Mike Versteeg mike at mikeversteeg.com
Thu Dec 20 11:12:50 CET 2012


>>>> video PTS, at least for MPEG-2, increments as integer (0, 1, 2, ...)
>>>
>>> Oops, my bad... I lost your original requirement to be MPEG-2
>>> compliant. But maybe it would be enough to set REPEAT_FIRST_FIELD once
>>> in a while.
>>
>> Thanks. I am not familiar with that. Won't that introduce a double frame?
>
> No, it is sued to fight interlaced video (a.k.a telecine). The effect
> of this flag is that the frame is slowed down by 50%. It should be
> good enough to keep a ~30 fps video seamlessly synchronized with the
> audio stream that is a bit slower.

If this does not introduce any other problems, like in editing
software, then yes it should work. Unfortunately I'd still need a
trick to speed up.

>> So other formats do support "true" time stamping?
>
> Absolutely. MPEG-4 h264 stream has full support of flexible PTS per
> frame, and it will deliver much better quality.

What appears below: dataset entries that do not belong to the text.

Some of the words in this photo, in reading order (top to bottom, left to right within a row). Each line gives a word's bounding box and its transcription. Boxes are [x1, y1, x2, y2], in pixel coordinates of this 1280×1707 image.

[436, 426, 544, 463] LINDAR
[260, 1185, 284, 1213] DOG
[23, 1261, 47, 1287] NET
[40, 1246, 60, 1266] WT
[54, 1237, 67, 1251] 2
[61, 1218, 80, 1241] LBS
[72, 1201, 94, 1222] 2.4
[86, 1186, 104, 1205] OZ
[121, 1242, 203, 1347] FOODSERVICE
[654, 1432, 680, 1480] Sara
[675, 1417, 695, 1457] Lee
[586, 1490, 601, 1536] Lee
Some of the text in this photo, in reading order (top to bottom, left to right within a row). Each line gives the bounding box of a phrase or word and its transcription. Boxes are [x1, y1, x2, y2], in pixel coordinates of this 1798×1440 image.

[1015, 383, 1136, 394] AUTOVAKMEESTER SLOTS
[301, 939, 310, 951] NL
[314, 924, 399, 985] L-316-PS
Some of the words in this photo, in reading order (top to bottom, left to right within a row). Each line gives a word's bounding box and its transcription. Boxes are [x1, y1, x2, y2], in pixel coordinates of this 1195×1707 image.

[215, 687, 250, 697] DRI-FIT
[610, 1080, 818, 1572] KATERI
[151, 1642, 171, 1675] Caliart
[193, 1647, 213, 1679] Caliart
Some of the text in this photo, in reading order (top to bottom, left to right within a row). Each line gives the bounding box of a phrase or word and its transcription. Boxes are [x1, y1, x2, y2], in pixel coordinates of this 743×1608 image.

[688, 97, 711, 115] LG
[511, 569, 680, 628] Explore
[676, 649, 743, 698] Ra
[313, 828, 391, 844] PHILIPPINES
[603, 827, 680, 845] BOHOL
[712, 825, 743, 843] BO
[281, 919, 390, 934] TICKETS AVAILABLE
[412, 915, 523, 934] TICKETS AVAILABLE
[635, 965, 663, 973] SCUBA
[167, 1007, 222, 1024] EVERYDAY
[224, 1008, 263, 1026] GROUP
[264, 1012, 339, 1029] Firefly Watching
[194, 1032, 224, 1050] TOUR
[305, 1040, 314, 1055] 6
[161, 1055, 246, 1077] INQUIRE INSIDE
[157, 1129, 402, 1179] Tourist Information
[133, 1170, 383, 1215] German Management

But it really needs
> more CPU, and you may face questions of licenses, patents, and
> royalties for use of different h264 encoders.

So far I've not been able to buy a licence for x264, but also it is
too heavy on CPU.

> Anyway, if you are looking at player support, MPEG-2 is the king. I
> hope that other people on this list will have more to share on this
> topic.

Thanks Alex, you've been very helpful!